To some, the wood chipper is a fun roadside attraction along Interstate 29 that’s a nice stop next to a strip of chain restaurants that makes for a fun photo op and a way to check North Dakota off their list of states to visit. But stopping in Fargo only for its wood chipper is missing what makes it so charming. Delve in a little further, and you’ll find a college-cool historic town where it’s hard not to have a great time.
Red bricks and neon make for a perfect downtown
Fargo was originally founded as a rail town, built where the Northern Pacific Railroad crossed the Red River on the border of North Dakota and Minnesota. Though the railroad has long since lost its spot atop the American transportation hierarchy, Fargo still bustles like a major railroad hub.
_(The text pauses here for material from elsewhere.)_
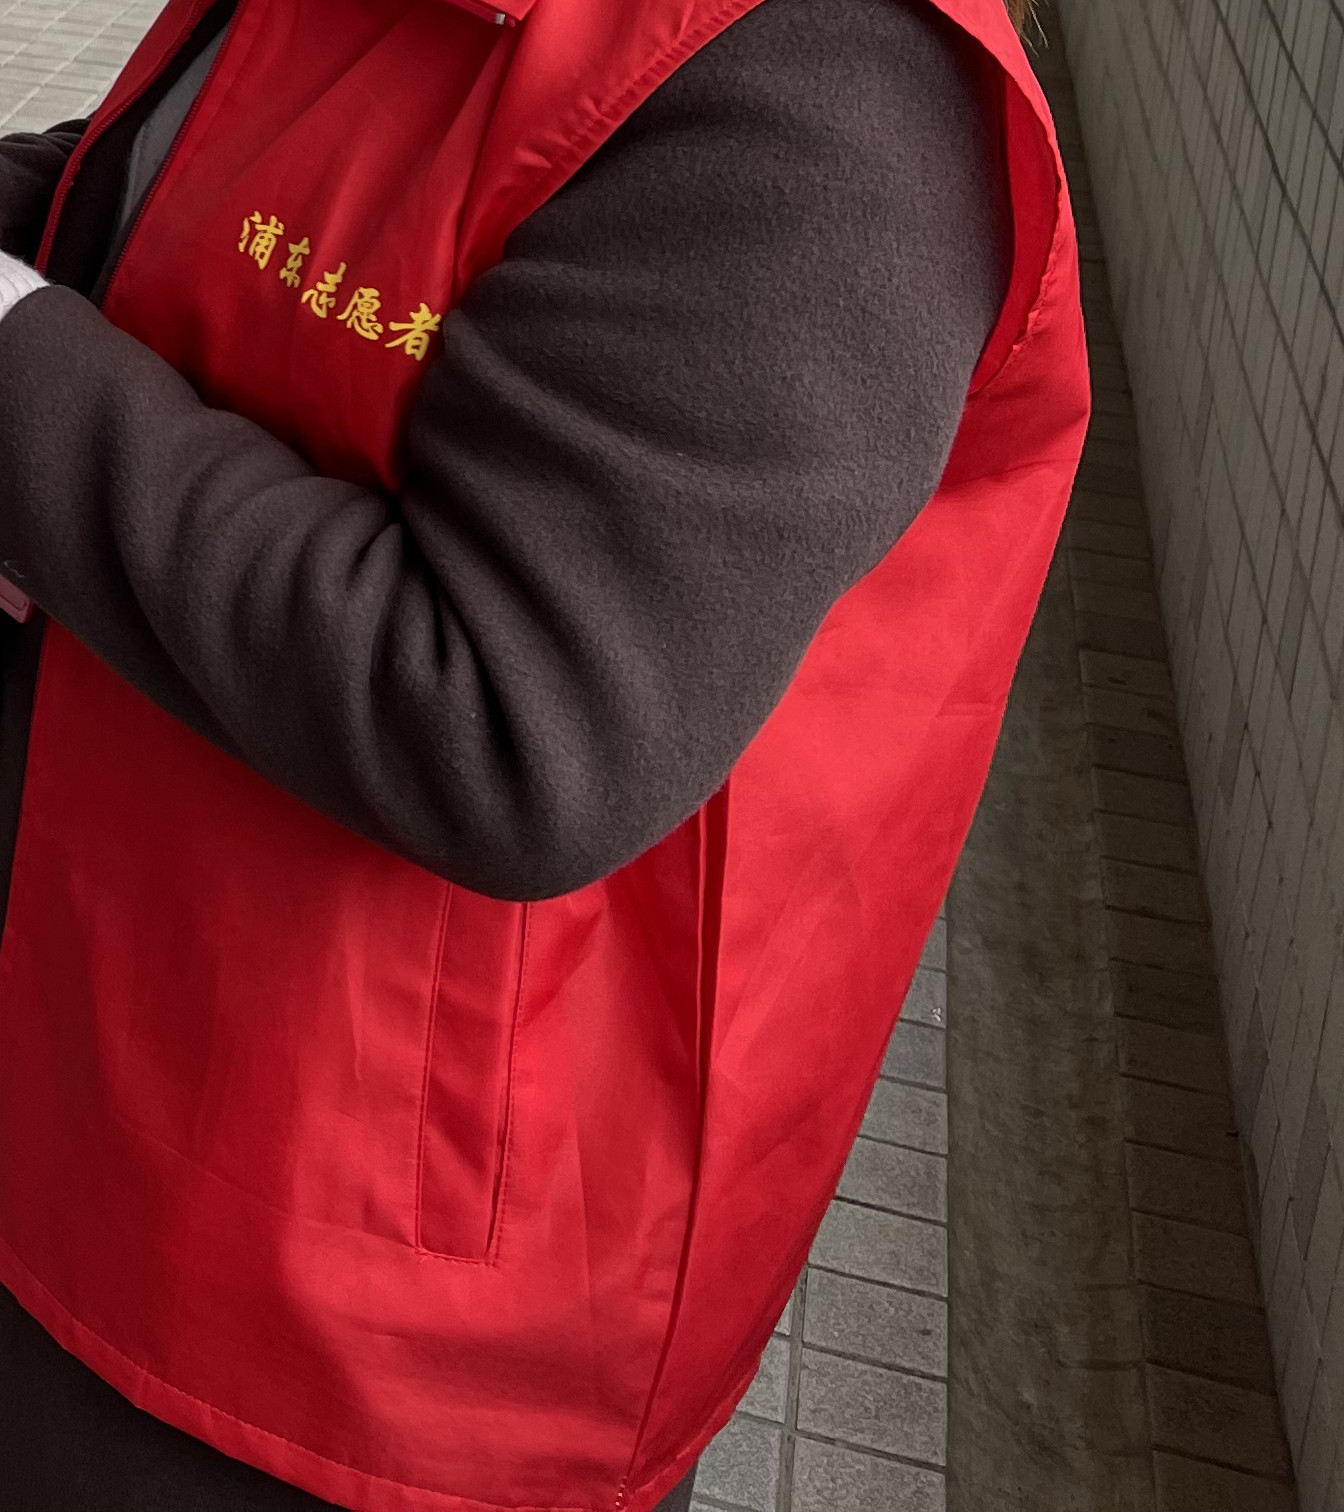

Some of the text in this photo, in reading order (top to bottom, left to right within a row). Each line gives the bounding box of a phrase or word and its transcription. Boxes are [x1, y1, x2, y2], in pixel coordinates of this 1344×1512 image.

Maybe it’s the college-aged energy – the city is home to North Dakota State University – or maybe it’s because it’s the largest city between Minneapolis and Seattle along this northern stretch of America, but Fargo exudes the feel of a city five times its size in downtown’s few square blocks.
While one might think an agricultural college town stuck out on the prairie would be all about drinking, it’s not so. Downtown is equally as impressive for its collection of restaurants, where the fine dining spot Mezzaluna could hold its own with any upscale, big city Italian joint (go for the brilliant white pesto bucatini and Dakota-adapted bacon-wrapped bison meatloaf). The Boiler Room is a cozy, underground hangout that plates up a delightful short rib stroganoff, alongside Marge’s World Famous Hotdish, a bison and mushroom platter that may or may not be a tribute to Frances McDormand’s legendary character.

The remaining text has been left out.